# Information shown
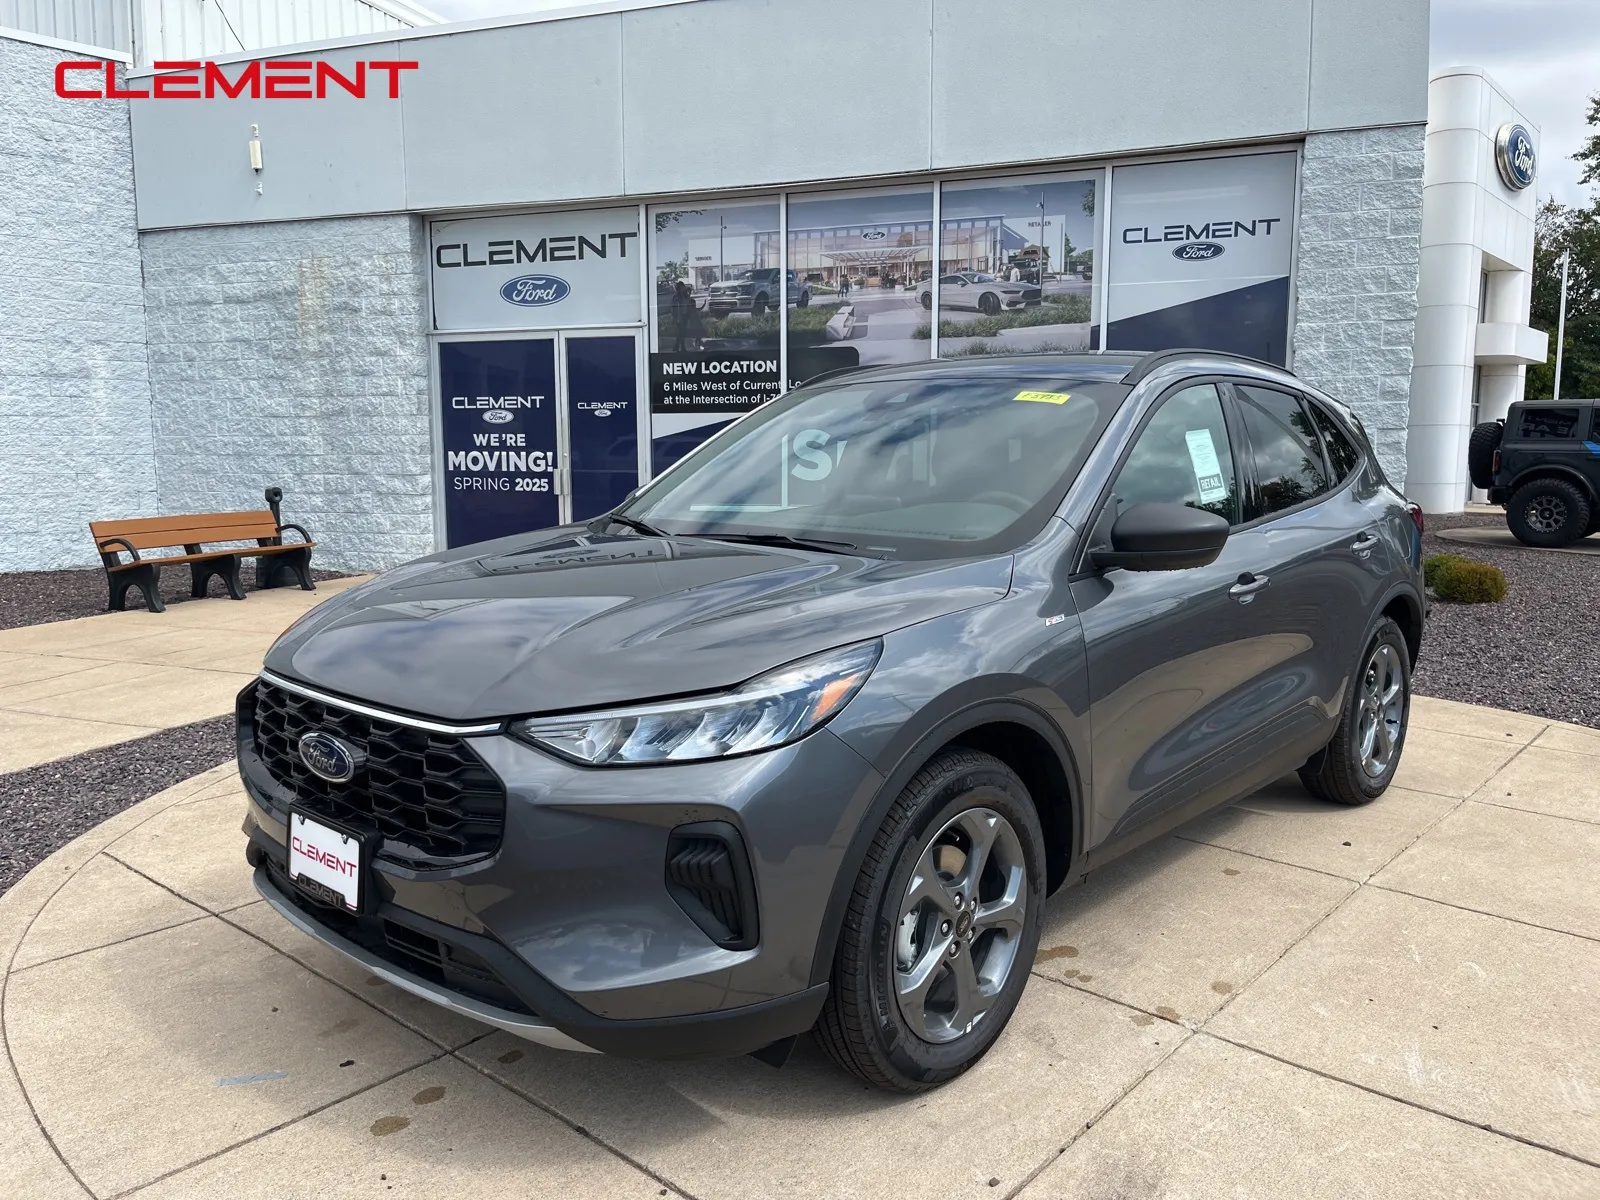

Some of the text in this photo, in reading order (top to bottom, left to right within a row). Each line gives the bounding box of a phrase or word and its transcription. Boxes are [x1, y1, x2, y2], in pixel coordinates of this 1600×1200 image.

[1122, 218, 1281, 244] CLEMENT
[436, 232, 638, 268] CLEMENT
[662, 359, 777, 375] NEW LOCATION
[663, 379, 802, 391] 6 Miles West of Current Lo
[452, 395, 545, 409] CLEMENT
[577, 401, 628, 410] CLEMENT
[663, 396, 673, 405] at
[674, 395, 691, 404] the
[692, 394, 748, 404] Intersection
[750, 393, 761, 403] of
[473, 433, 527, 447] WE'RE
[447, 450, 554, 472] MOVING!
[453, 477, 549, 492] SPRING 2025
[1200, 476, 1222, 490] RETAIL
[292, 836, 357, 877] CLEMENT
[298, 875, 344, 905] CLEMENT
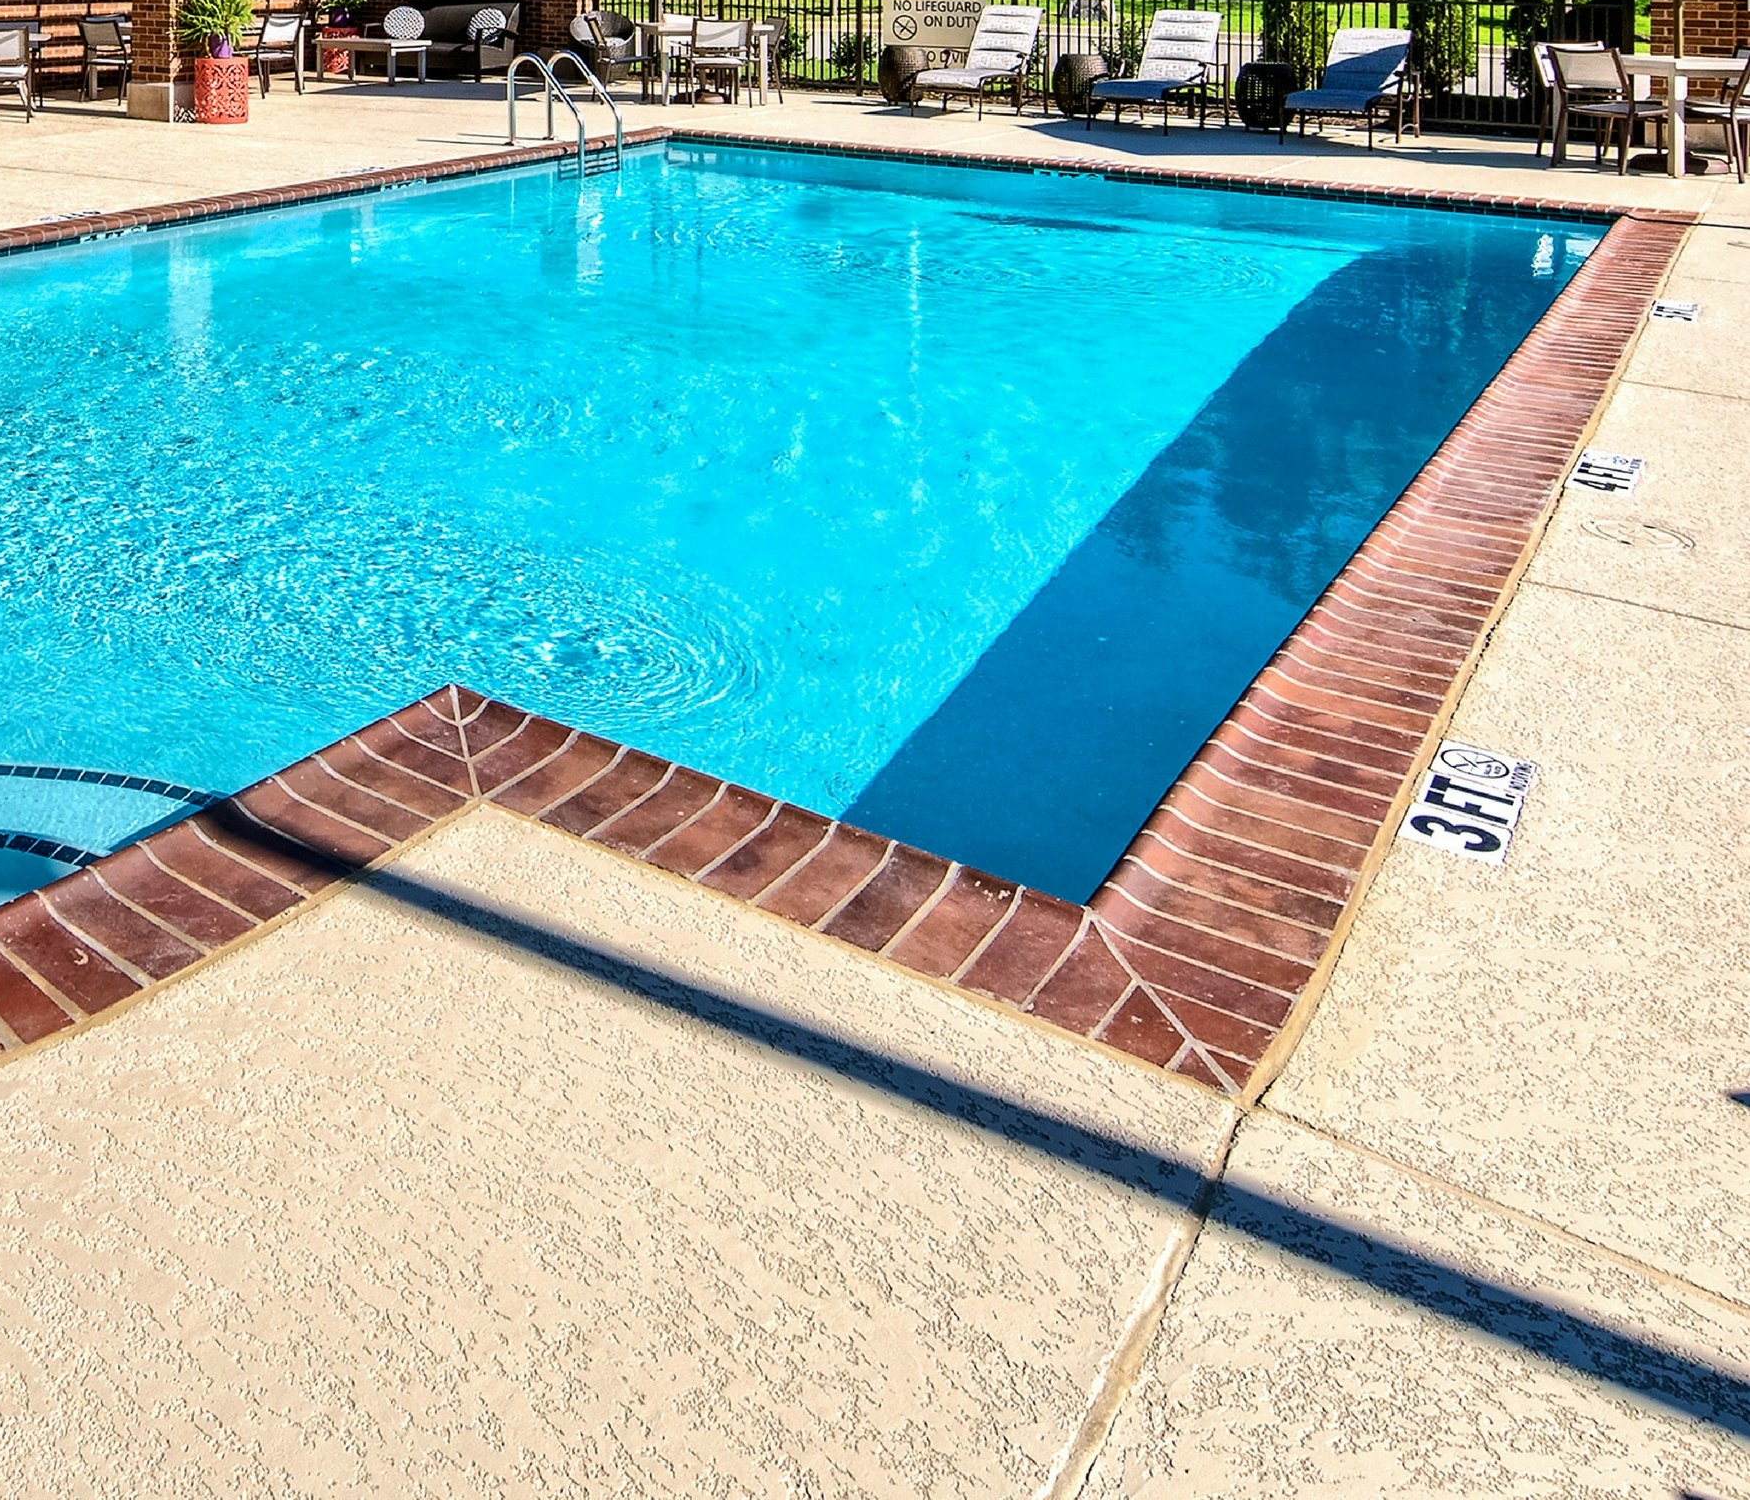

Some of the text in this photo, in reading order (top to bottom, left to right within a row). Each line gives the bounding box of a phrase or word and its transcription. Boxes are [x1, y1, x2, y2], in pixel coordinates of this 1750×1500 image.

[893, 0, 982, 13] NO LIFEGUARD
[924, 15, 979, 28] ON DUTY
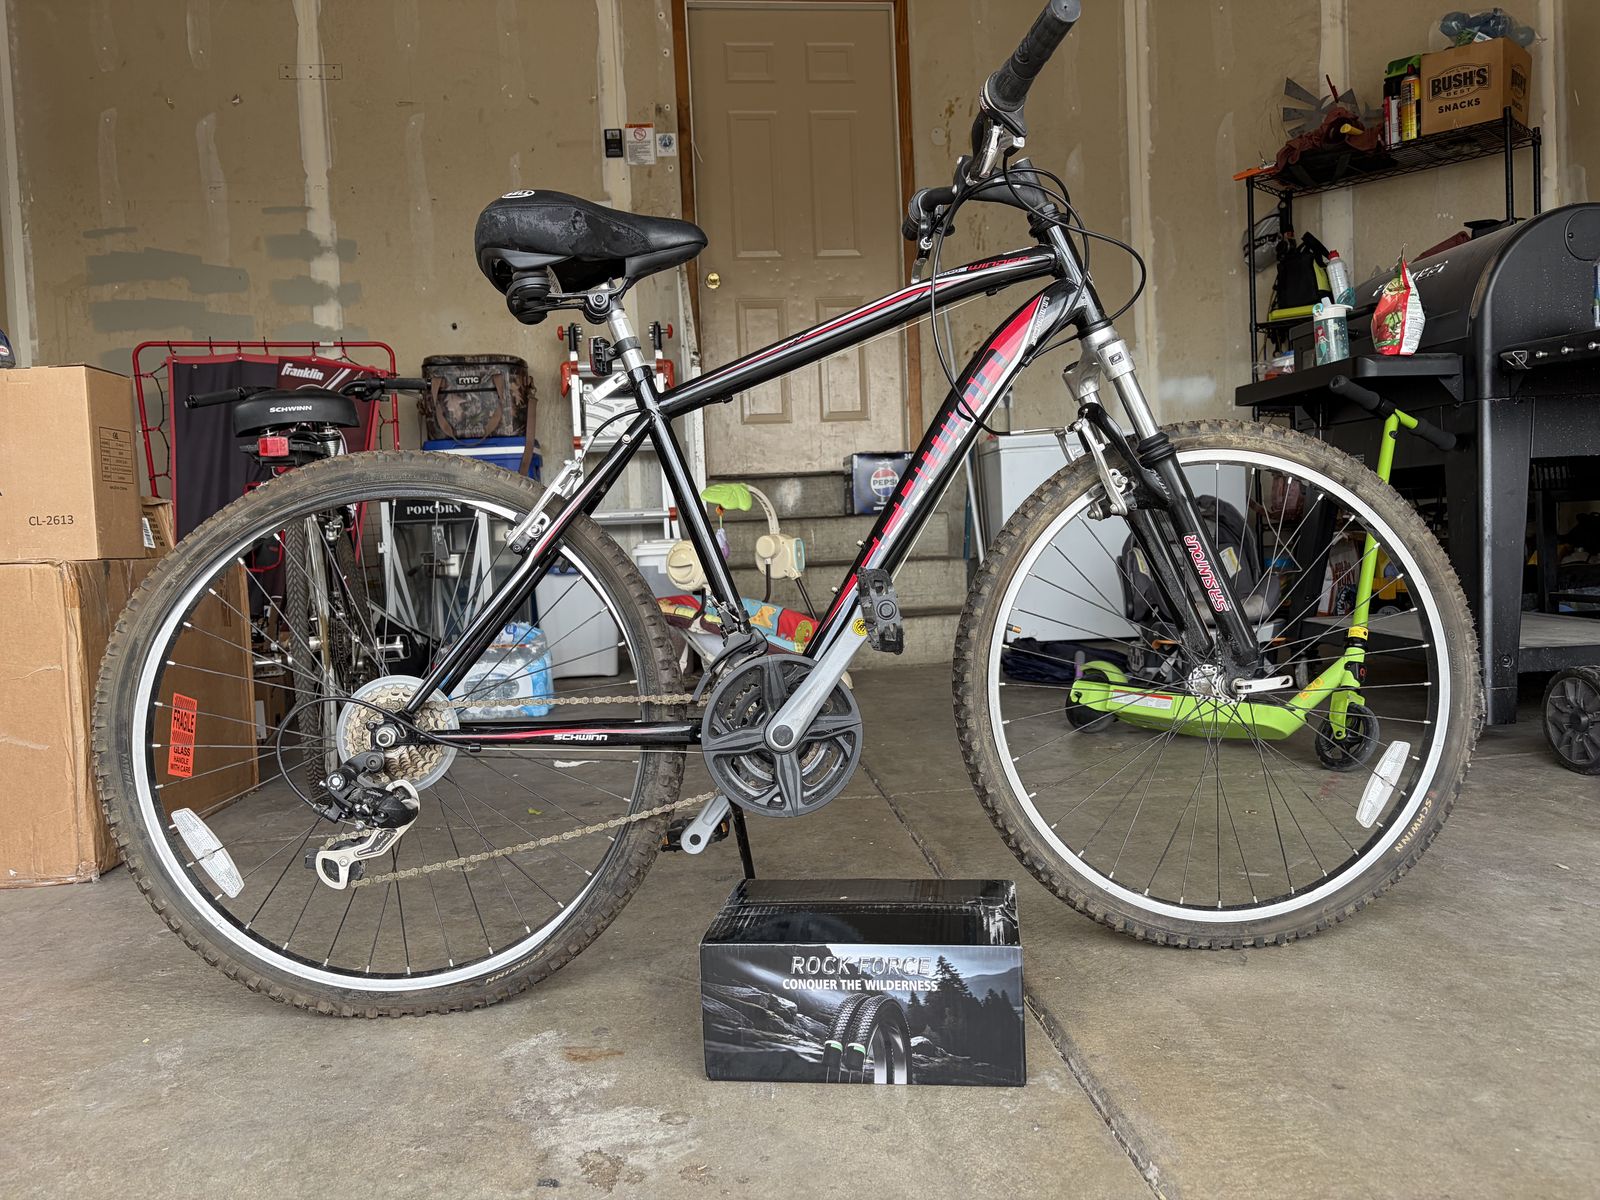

# Exercise brief
Images in the records must not be repeated; everything else should be returned exactly.

# Output for this task
Some of the text in this photo, in reading order (top to bottom, left to right within a row). Each line gives the bounding box of a phrase or word and its transcription. Boxes are [x1, y1, x2, y2], in pixel coordinates of this 1600×1200 image.

[1122, 218, 1281, 244] CLEMENT
[436, 232, 638, 268] CLEMENT
[662, 359, 777, 375] NEW LOCATION
[663, 379, 802, 391] 6 Miles West of Current Lo
[452, 395, 545, 409] CLEMENT
[577, 401, 628, 410] CLEMENT
[663, 396, 673, 405] at
[674, 395, 691, 404] the
[692, 394, 748, 404] Intersection
[750, 393, 761, 403] of
[473, 433, 527, 447] WE'RE
[447, 450, 554, 472] MOVING!
[453, 477, 549, 492] SPRING 2025
[1200, 476, 1222, 490] RETAIL
[292, 836, 357, 877] CLEMENT
[298, 875, 344, 905] CLEMENT

Some of the text in this photo, in reading order (top to bottom, left to right within a row). Each line gives the bounding box of a phrase or word and its transcription. Boxes are [x1, y1, x2, y2], in pixel coordinates of this 1750×1500 image.

[893, 0, 982, 13] NO LIFEGUARD
[924, 15, 979, 28] ON DUTY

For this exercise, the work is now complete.